I’m having a bit of an infrastructure redesign here at the Crossed Wires campus. Each time I have an outage (the last one was caused by a power failure) I learn a little more about the holes in my current setup and what I can do better.
I’m implementing a router box on an old low(-ish)-power PC that will be backed up by a virtual machine on my main virt-box. I’ve already done most of the preparation of using keepalived to implement VRRP, and a colleague has given me some pointers in using the Linux-HA tools like Heartbeat and DRBD to make services like e-mail and Samba redundant.
I’ve had a soft spot for LDAP for ages; I’ve always thought that putting as much backend data into LDAP as you can would be a really good way to get failover and redundancy. Instead of having to deal with every single server’s different way of doing replication and failover, just bung everything into LDAP and get that replicating. Sounds good in theory, but in a nutshell it’s not working out that way for the two least-celebrated but most important components of my (arguably any) network: DNS and DHCP.

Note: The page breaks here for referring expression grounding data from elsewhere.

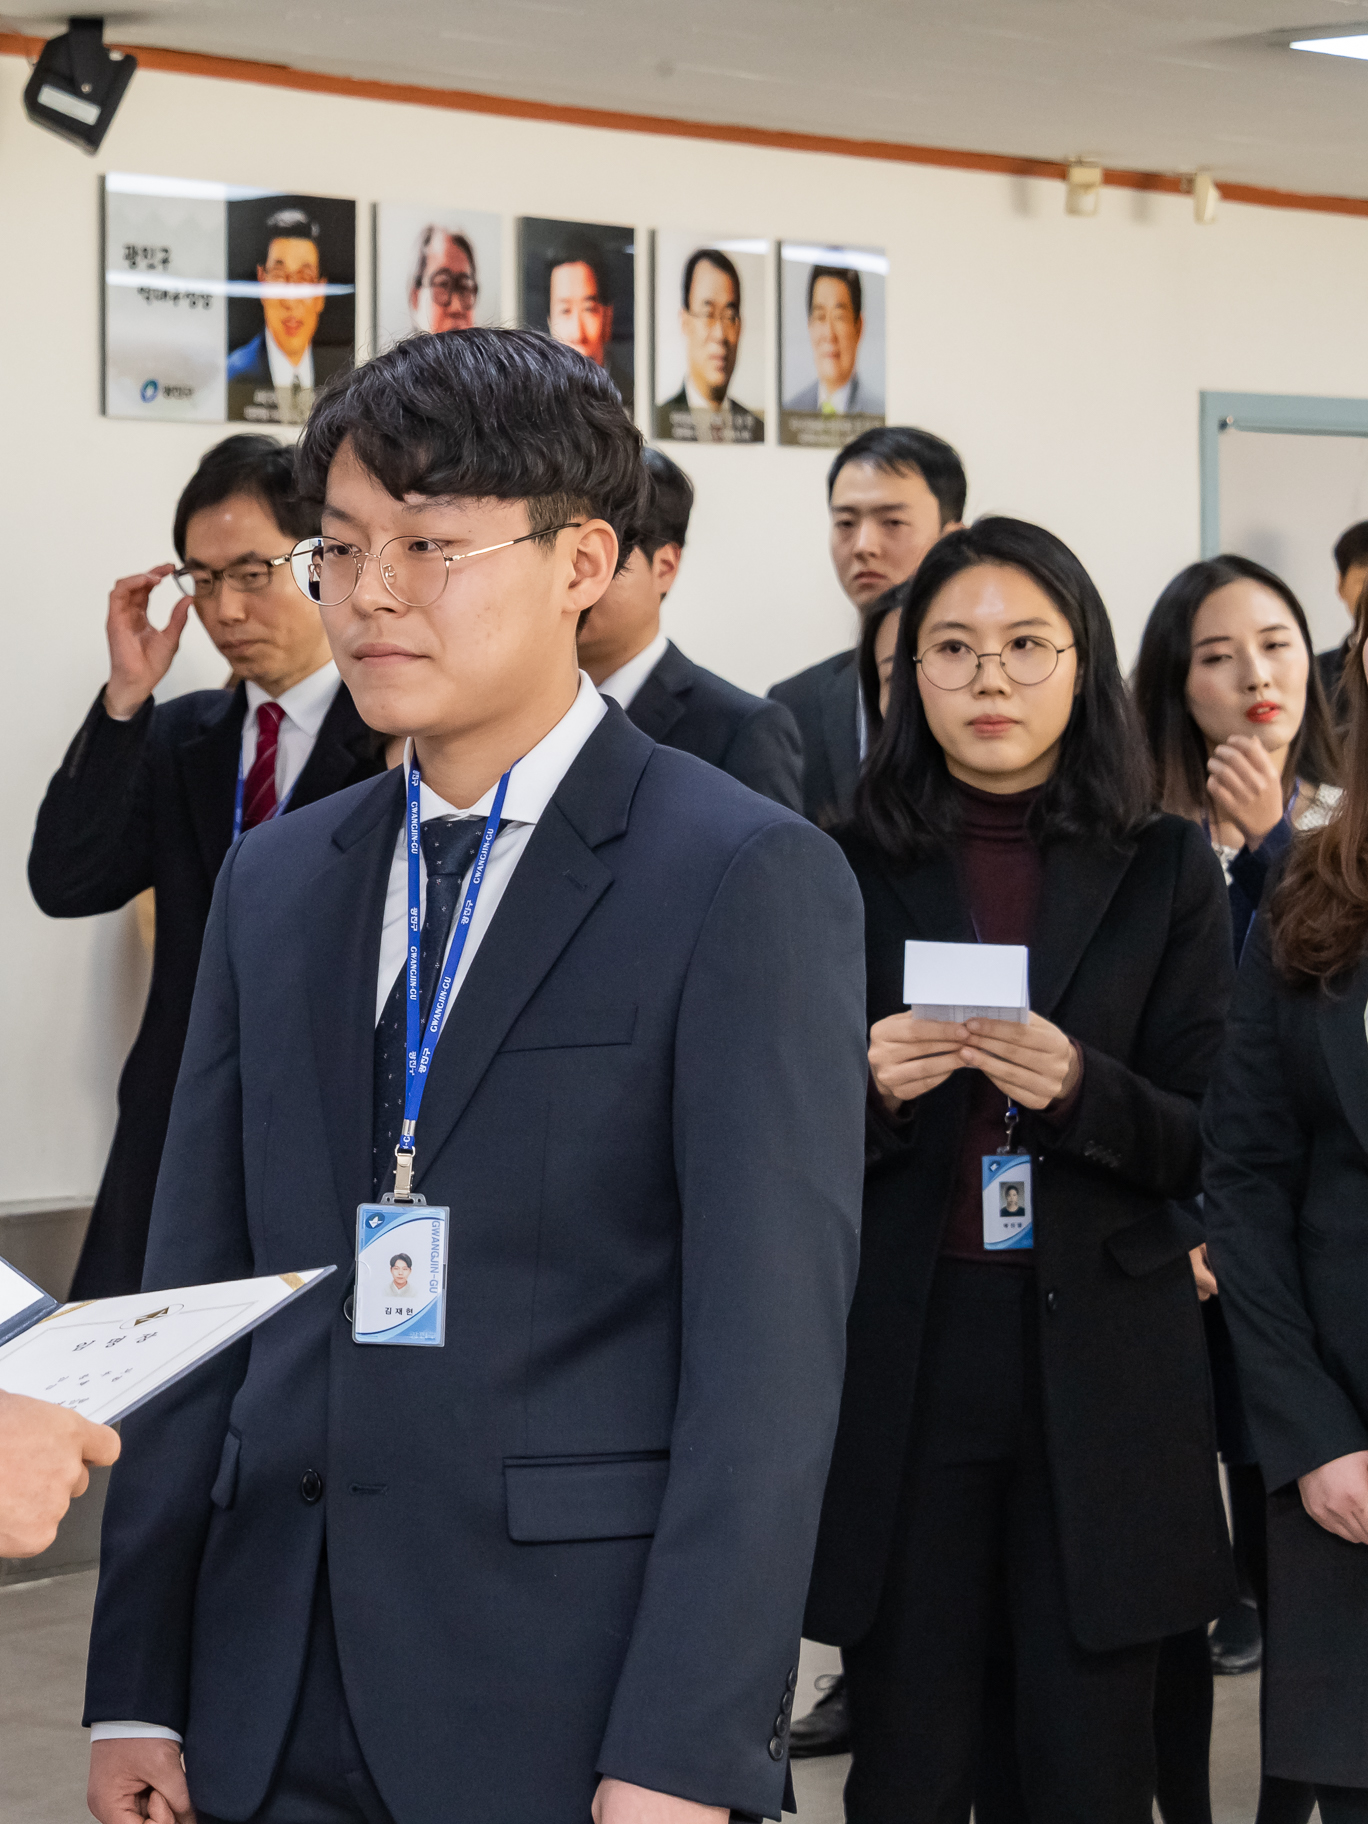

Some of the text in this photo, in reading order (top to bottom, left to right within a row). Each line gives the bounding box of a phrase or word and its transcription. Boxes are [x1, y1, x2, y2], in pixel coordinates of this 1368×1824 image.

[123, 245, 170, 270] 광진구
[410, 801, 418, 855] GWANGJIN-GU
[461, 828, 494, 925] 광진구 GWANGJIN-GU
[410, 906, 418, 1001] 광진구 GWANGJIN-GU
[417, 976, 452, 1074] 광진구 GWANGJIN-GU
[429, 1220, 441, 1294] GWANGJIN-GU

There are a number of LDAP-backed DNS projects out there. If I’m willing to go to the bleeding edge with BIND on my Gentoo build I can get access to the two most talked-about ones (bind9-sdb-ldap and the BIND DLZ LDAP driver), and other solutions like PowerDNS and ldapdns are available. But none of them offer integration with DHCP, and I’m currently using dhcpd’s “interim DDNS update method” to make sure that hostnames are seen in my DNS when a lease is granted (okay, there’s a Perl daemon that goes with bind9-sdb-ldap, but it seems like a sort-of clunky afterthought).
Speaking of DHCP, LDAP backends for it are virtually non-existent. The only LDAP-enablement I’ve found for ISC DHCP involves putting the config file into LDAP, not the leases… I actually used that for a few days a while ago and pulled it out because it was actually more work to do it that way (and for no benefit in failover).
It seems to me it would be a project ripe for the picking: take an integrated DNS/DHCP server like dnsmasq and make it write into LDAP instead of to a file. If I had more free time I’d probably have a go at it, except for the fact that no-one really seems to be that interested in storing DNS and DHCP in LDAP: that it hasn’t been done says to me that there’s no demand for it, and it’d end up being a big waste of time and effort.
Over to you, lazyweb… Is this a yawning chasm of unfulfilled networking dreams, or a case of me trying to make something more complex than it needs to be? After all, the rest of the world gets by with DNS master-slave and DHCP failover, they should be good enough for me too, right?